- Problem statement -
Would you repeat every entry below word for word but drop the images?

- Data for review -
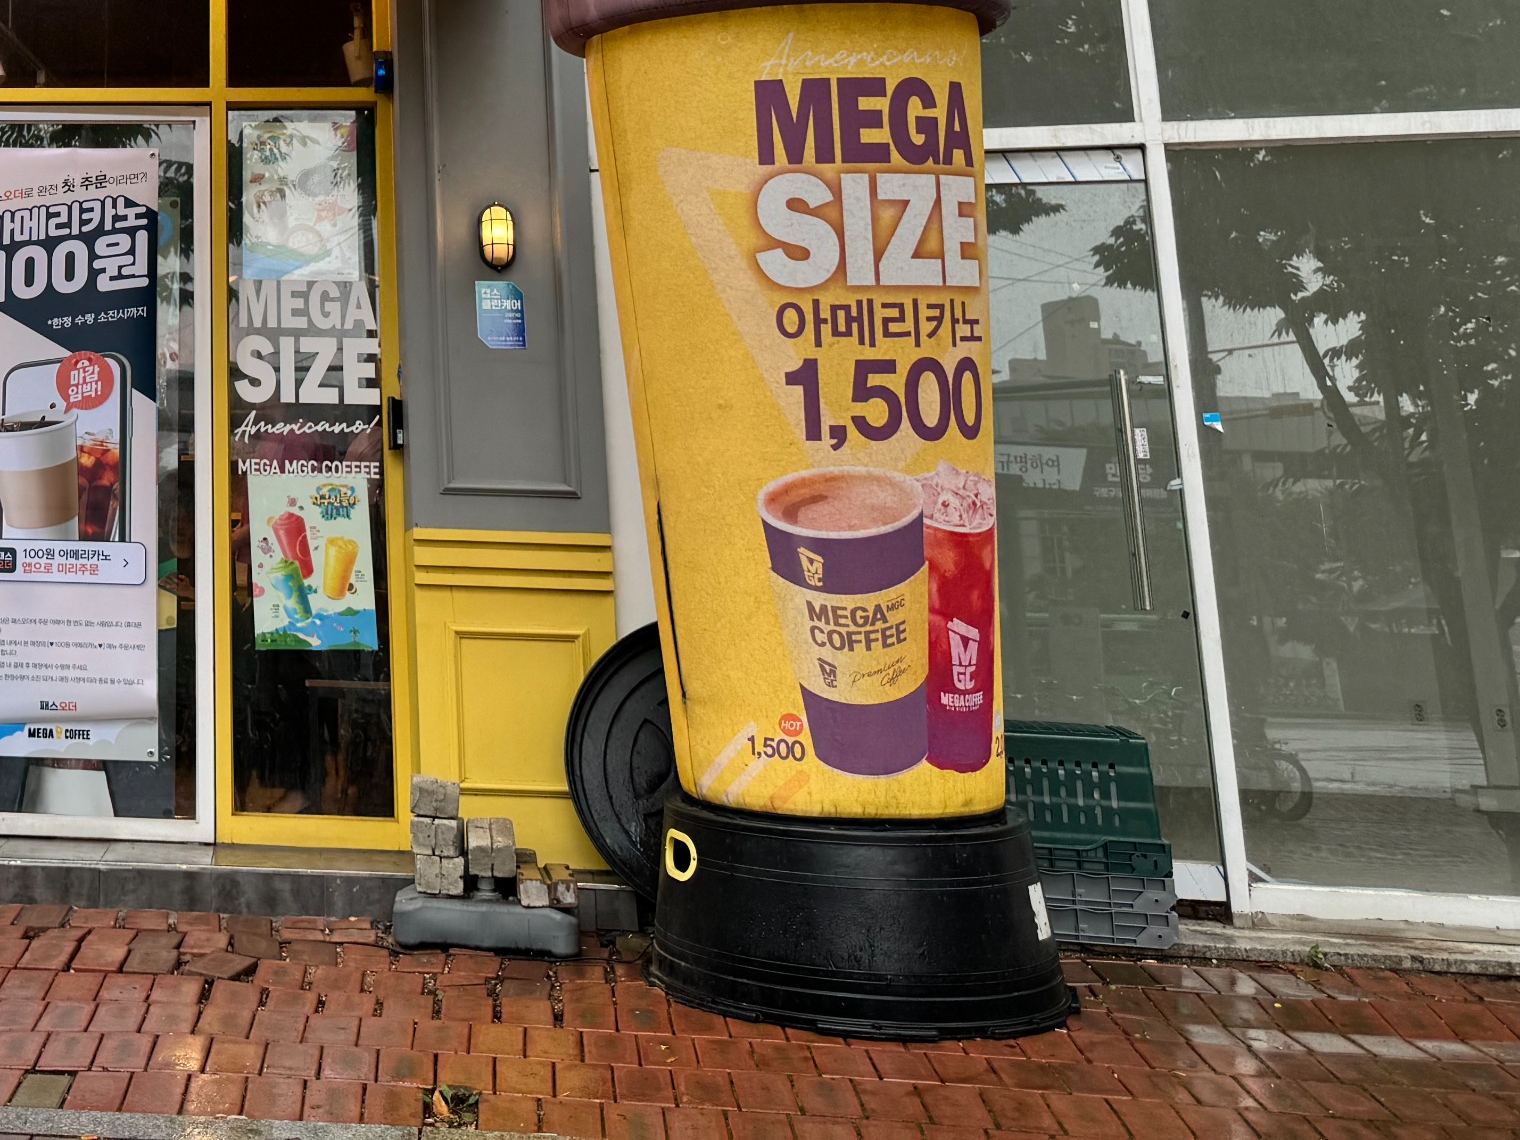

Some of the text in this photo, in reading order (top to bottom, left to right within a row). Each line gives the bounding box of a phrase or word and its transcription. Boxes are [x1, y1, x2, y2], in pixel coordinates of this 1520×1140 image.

[753, 76, 974, 167] MEGA
[37, 184, 58, 196] 완전
[62, 174, 75, 194] 첫
[80, 171, 148, 191] 주문이라면?!
[755, 172, 980, 288] SIZE
[75, 314, 94, 326] 수량
[98, 306, 147, 322] 소진시까지
[238, 280, 378, 330] MEGA
[776, 298, 983, 348] 아메리카노
[70, 366, 99, 385] 마감
[234, 334, 380, 405] SIZE
[68, 380, 102, 403] 임박!
[784, 356, 983, 452] 1,500
[234, 410, 380, 444] Americano!
[238, 458, 380, 479] MEGA MGC COFFEE
[22, 548, 111, 562] 100원 아메리카노
[22, 561, 99, 576] 앱으로 미리주문
[806, 596, 906, 629] MEGA MGC
[809, 620, 907, 652] COFFEE
[39, 700, 77, 712] 패스오더
[27, 727, 91, 741] MEGA COFFEE
[780, 720, 802, 731] HOT
[747, 735, 806, 762] 1,500

- Result below -
Some of the text in this photo, in reading order (top to bottom, left to right within a row). Each line gives the bounding box of a phrase or word and its transcription. Boxes are [x1, y1, x2, y2], in pixel coordinates of this 1520×1140 image.

[753, 76, 974, 167] MEGA
[37, 184, 58, 196] 완전
[62, 174, 75, 194] 첫
[80, 171, 148, 191] 주문이라면?!
[755, 172, 980, 288] SIZE
[75, 314, 94, 326] 수량
[98, 306, 147, 322] 소진시까지
[238, 280, 378, 330] MEGA
[776, 298, 983, 348] 아메리카노
[70, 366, 99, 385] 마감
[234, 334, 380, 405] SIZE
[68, 380, 102, 403] 임박!
[784, 356, 983, 452] 1,500
[234, 410, 380, 444] Americano!
[238, 458, 380, 479] MEGA MGC COFFEE
[22, 548, 111, 562] 100원 아메리카노
[22, 561, 99, 576] 앱으로 미리주문
[806, 596, 906, 629] MEGA MGC
[809, 620, 907, 652] COFFEE
[39, 700, 77, 712] 패스오더
[27, 727, 91, 741] MEGA COFFEE
[780, 720, 802, 731] HOT
[747, 735, 806, 762] 1,500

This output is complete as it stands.